> Assignment
Wherever the listing holds a picture, leave it out, and copy the remainder exactly.
===
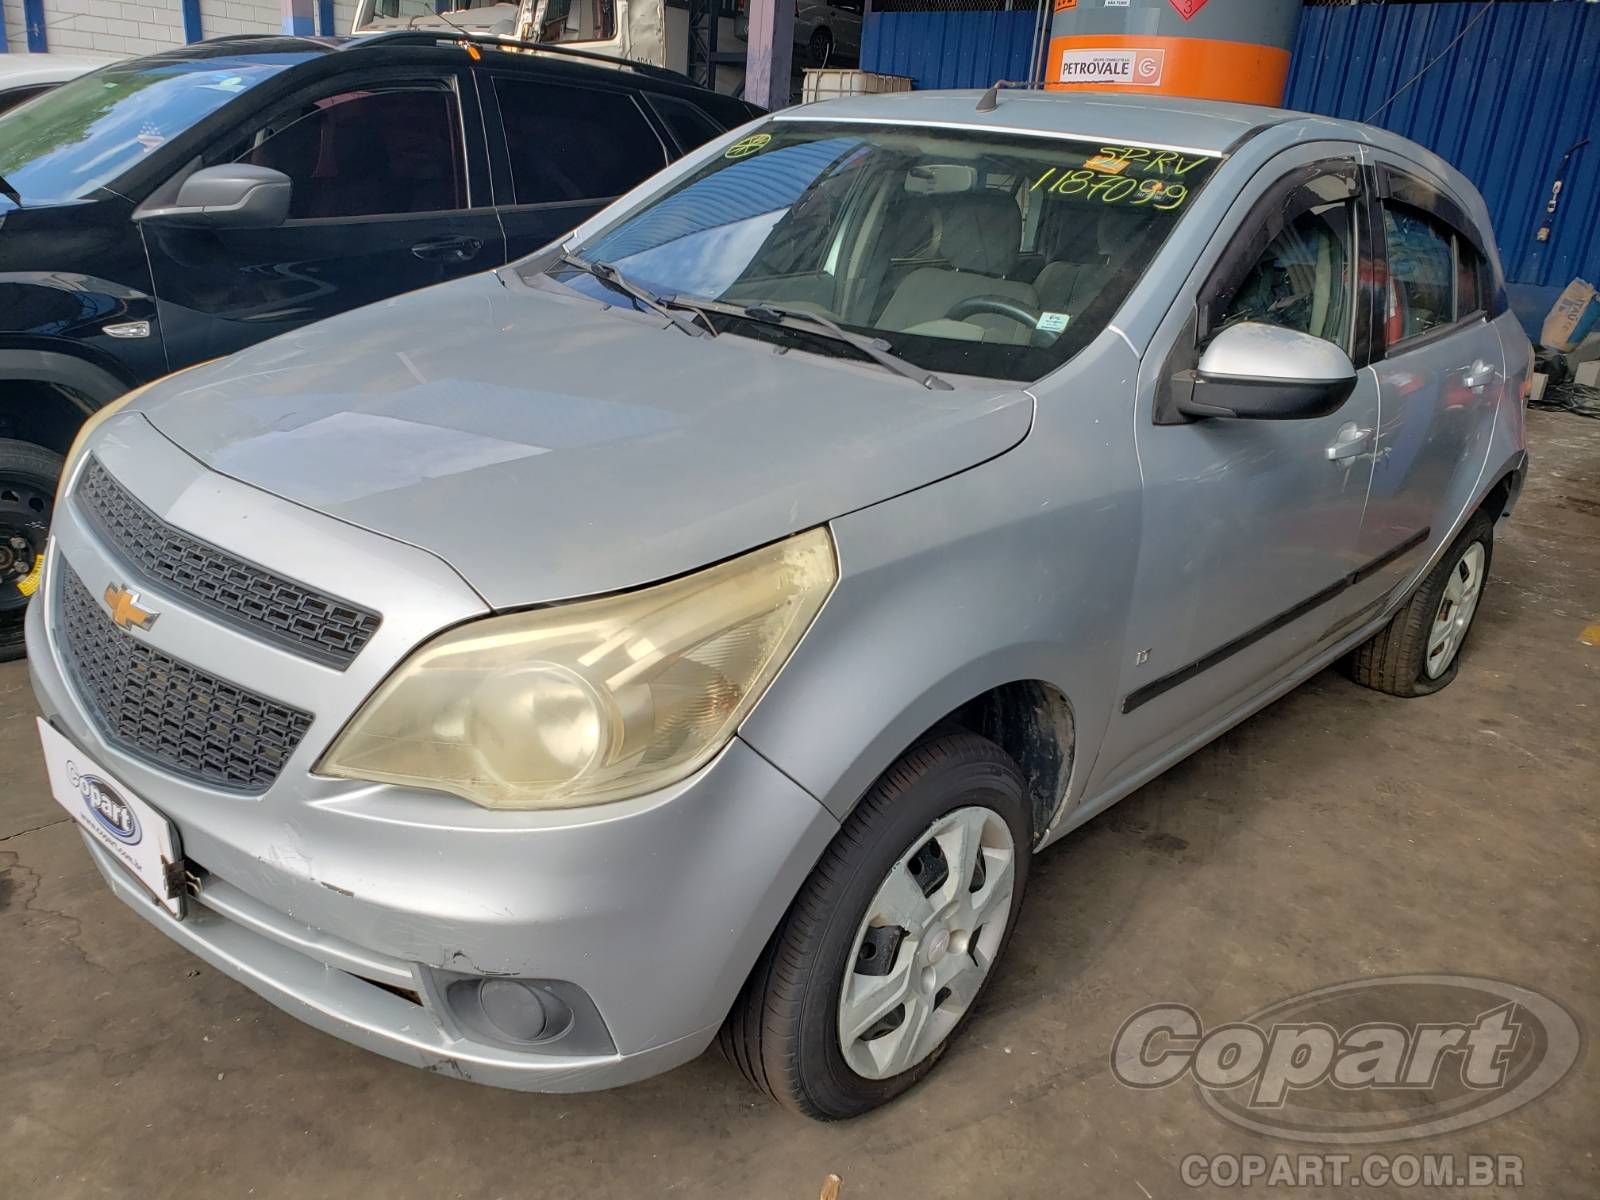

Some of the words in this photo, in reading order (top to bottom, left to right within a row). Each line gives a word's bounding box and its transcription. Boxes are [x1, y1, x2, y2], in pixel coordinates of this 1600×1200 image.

[1184, 0, 1193, 14] 3
[1062, 62, 1130, 75] PETROVALE
[1030, 167, 1189, 210] 1187099
[66, 760, 134, 831] Copart
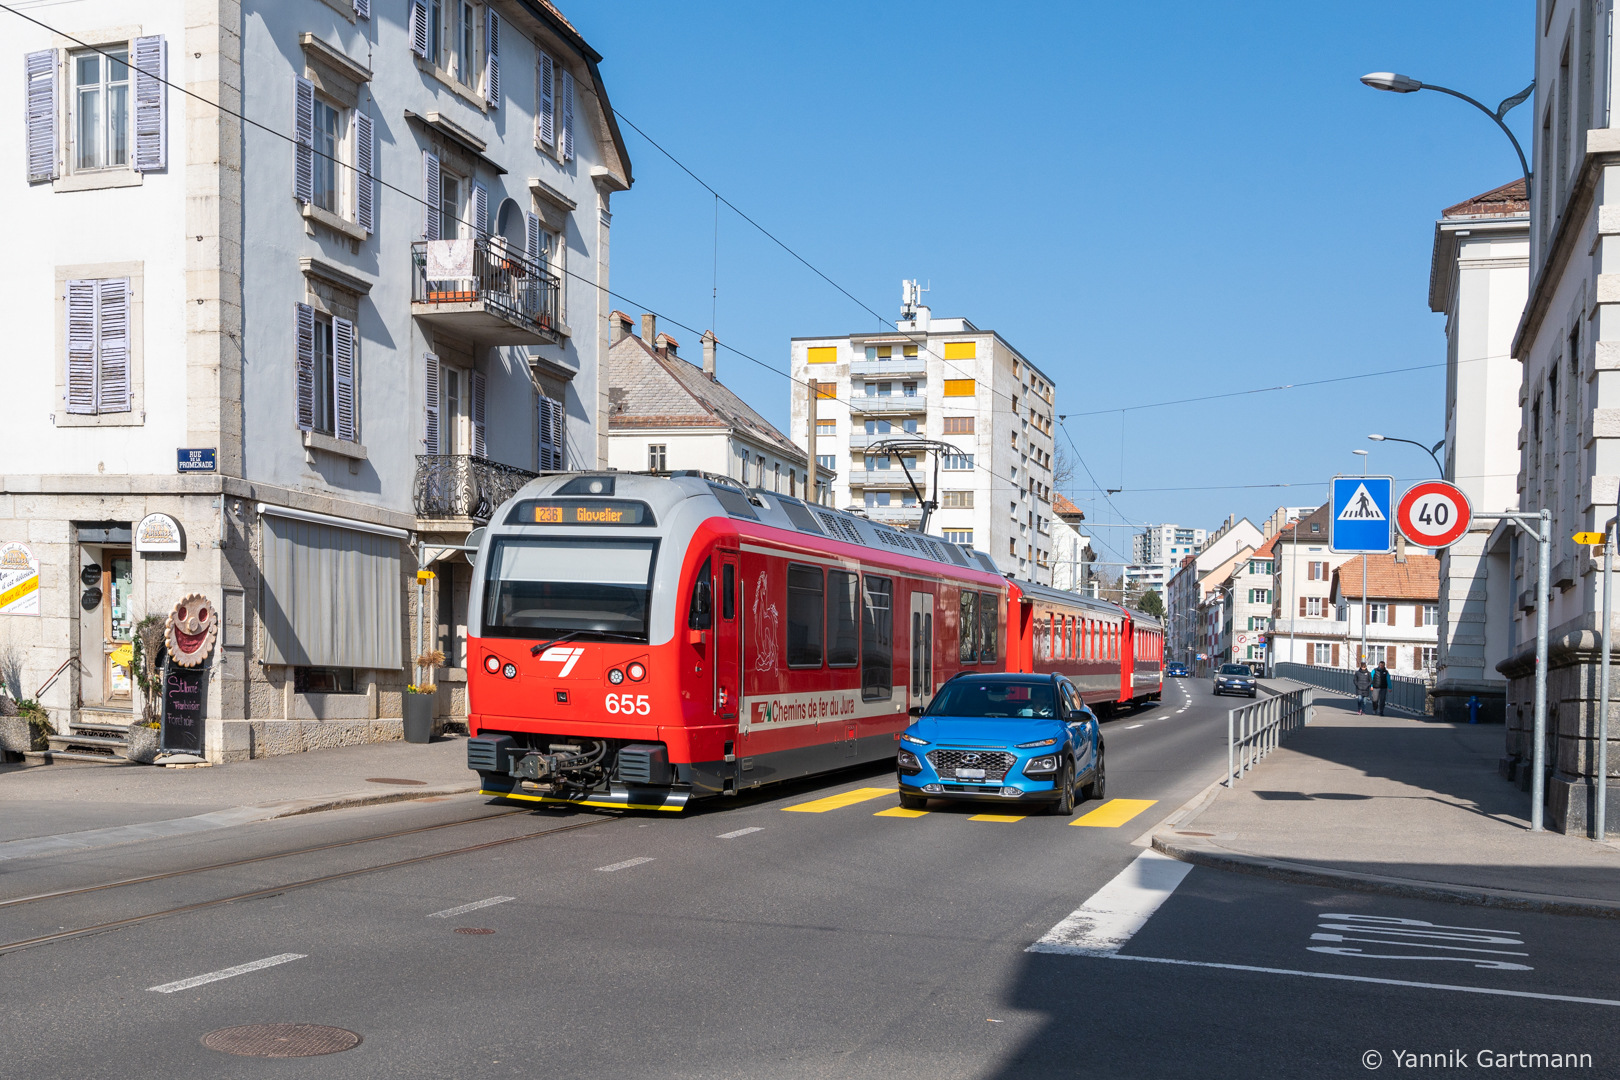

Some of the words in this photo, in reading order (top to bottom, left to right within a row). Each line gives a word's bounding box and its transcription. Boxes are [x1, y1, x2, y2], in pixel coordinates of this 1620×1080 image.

[179, 461, 214, 469] PROMENADE
[539, 507, 559, 522] 236
[577, 507, 623, 522] Glovelier
[1418, 503, 1448, 525] 40
[605, 693, 651, 715] 655
[771, 699, 806, 723] Chemins
[808, 697, 817, 719] de
[818, 697, 828, 717] fer
[829, 696, 839, 716] du
[840, 695, 855, 715] Jura
===
> Answer to the exercise
Some of the words in this photo, in reading order (top to bottom, left to right within a row). Each line gives a word's bounding box and its transcription. Boxes are [x1, y1, x2, y2], in pixel coordinates of this 1600×1200 image.

[1184, 0, 1193, 14] 3
[1062, 62, 1130, 75] PETROVALE
[1030, 167, 1189, 210] 1187099
[66, 760, 134, 831] Copart

Some of the words in this photo, in reading order (top to bottom, left to right within a row). Each line gives a word's bounding box and its transcription. Boxes are [x1, y1, x2, y2], in pixel coordinates of this 1620×1080 image.

[179, 461, 214, 469] PROMENADE
[539, 507, 559, 522] 236
[577, 507, 623, 522] Glovelier
[1418, 503, 1448, 525] 40
[605, 693, 651, 715] 655
[771, 699, 806, 723] Chemins
[808, 697, 817, 719] de
[818, 697, 828, 717] fer
[829, 696, 839, 716] du
[840, 695, 855, 715] Jura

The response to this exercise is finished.